**PROBLEM DETAILS**:
The records that follow are to be given again exactly, with their pictures omitted.

======== SUPPLIED DATA ========

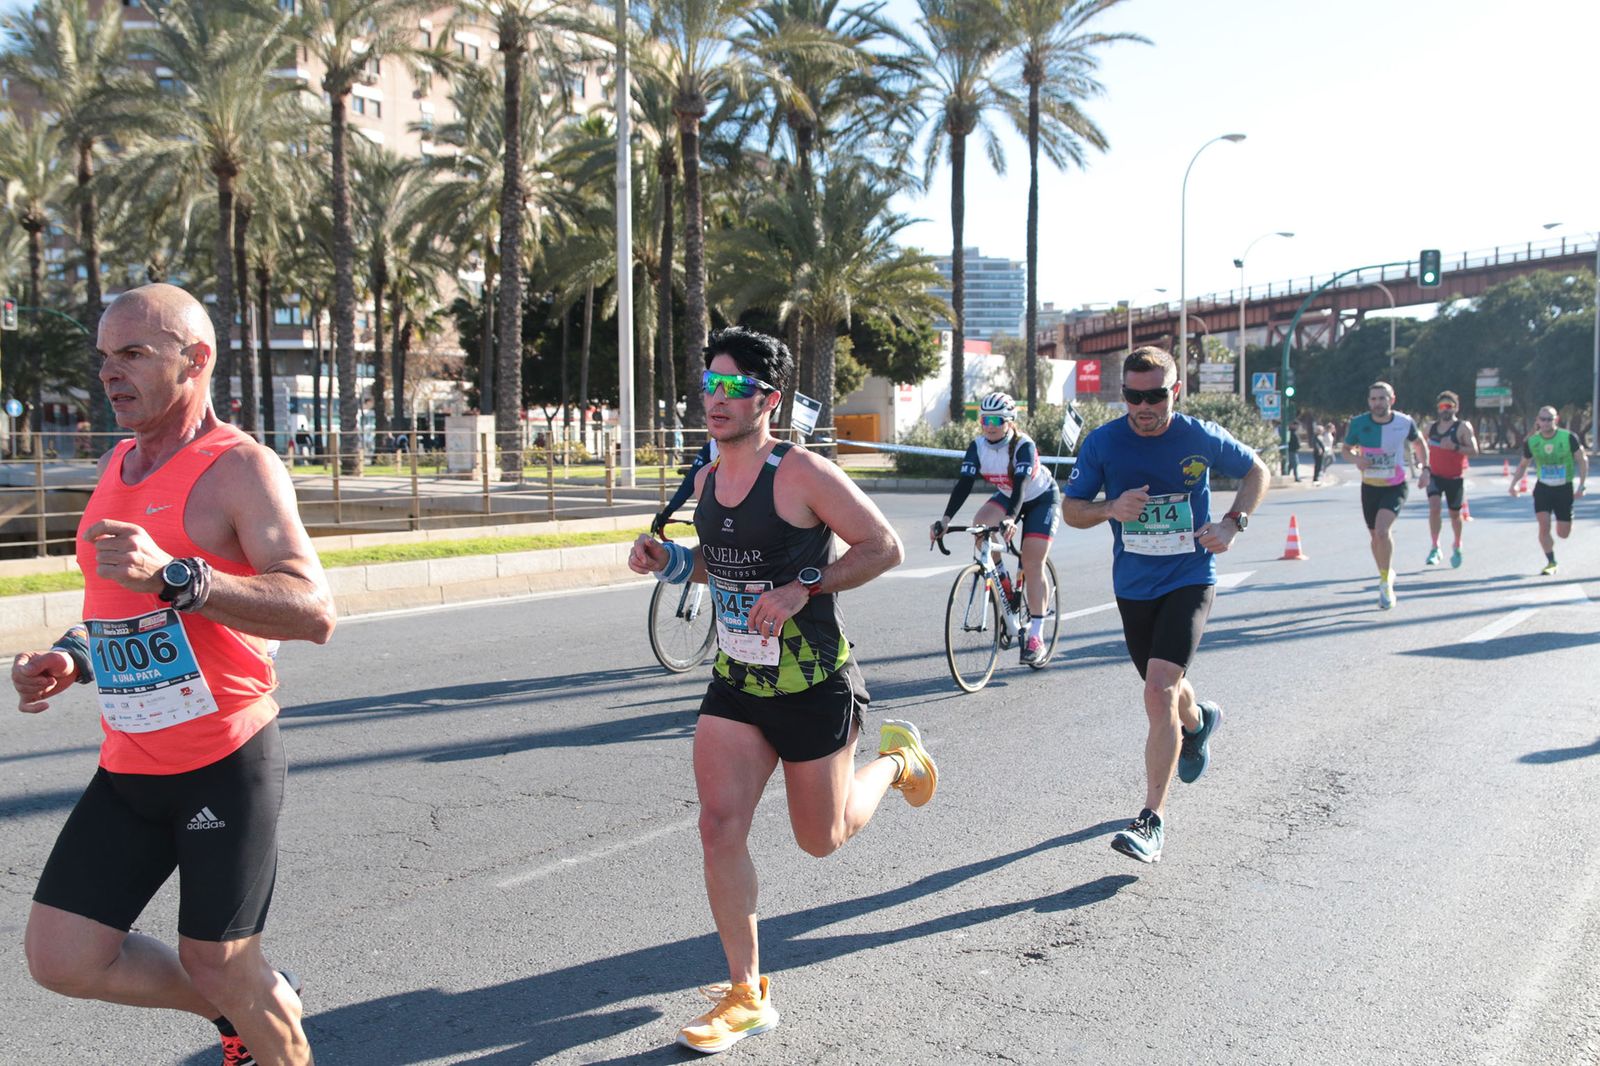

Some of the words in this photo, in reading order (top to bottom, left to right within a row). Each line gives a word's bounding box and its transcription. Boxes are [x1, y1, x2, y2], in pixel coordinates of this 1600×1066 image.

[96, 631, 179, 673] 1006
[112, 674, 118, 683] A
[119, 672, 134, 682] UNA
[136, 668, 162, 681] PATA
[186, 820, 226, 830] adidas
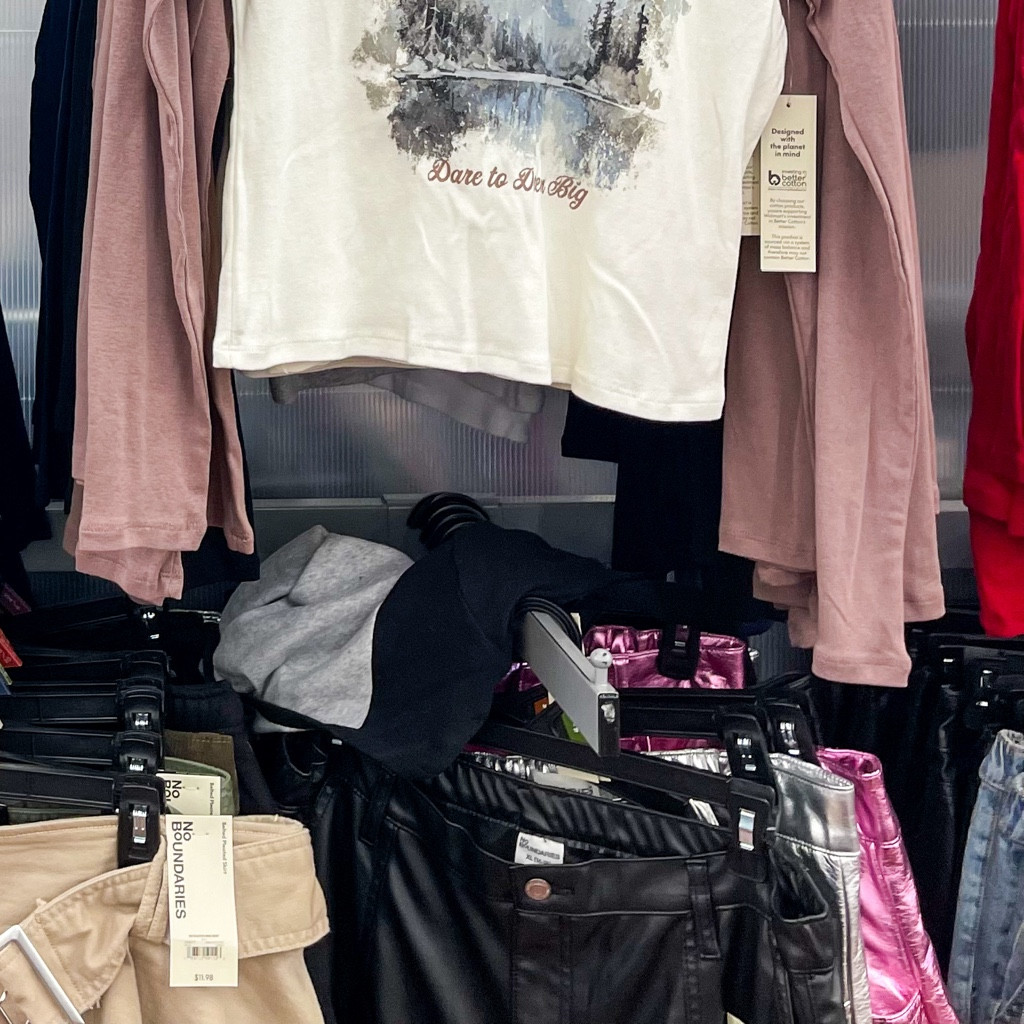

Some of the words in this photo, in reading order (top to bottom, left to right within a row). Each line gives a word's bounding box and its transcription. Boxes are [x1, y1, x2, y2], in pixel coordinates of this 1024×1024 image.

[771, 128, 805, 136] Designed
[427, 157, 483, 187] Dare
[487, 166, 508, 189] to
[547, 175, 589, 210] Big
[172, 780, 182, 798] NO
[183, 821, 193, 842] NO
[171, 821, 187, 919] BOUNDARIES
[194, 973, 214, 981] $11.98
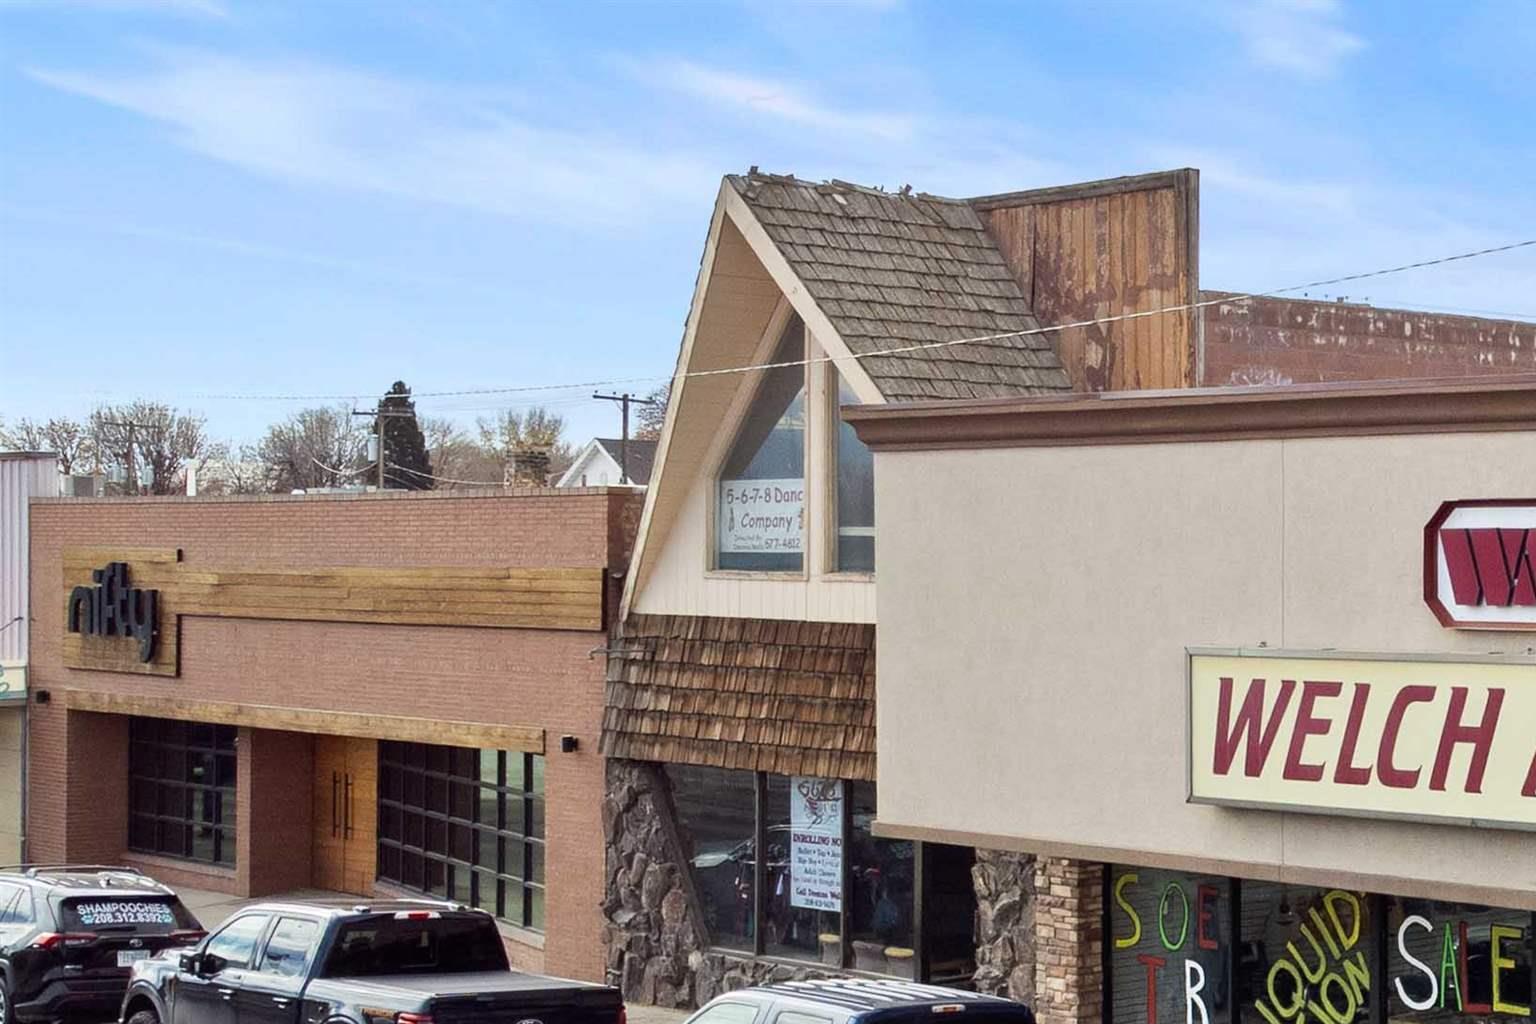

========

**YOUR SOLUTION**:
Some of the words in this photo, in reading order (top to bottom, left to right within a row). Each line gives a word's bounding box and its transcription. Boxes are [x1, y1, x2, y2], in pixel coordinates of this 1600×1066 image.

[96, 631, 179, 673] 1006
[112, 674, 118, 683] A
[119, 672, 134, 682] UNA
[136, 668, 162, 681] PATA
[186, 820, 226, 830] adidas

Some of the words in this photo, in reading order (top to bottom, left to right within a row). Each line gives a word's bounding box and its transcription. Boxes are [x1, y1, x2, y2], in pixel coordinates of this 1024×1024 image.

[771, 128, 805, 136] Designed
[427, 157, 483, 187] Dare
[487, 166, 508, 189] to
[547, 175, 589, 210] Big
[172, 780, 182, 798] NO
[183, 821, 193, 842] NO
[171, 821, 187, 919] BOUNDARIES
[194, 973, 214, 981] $11.98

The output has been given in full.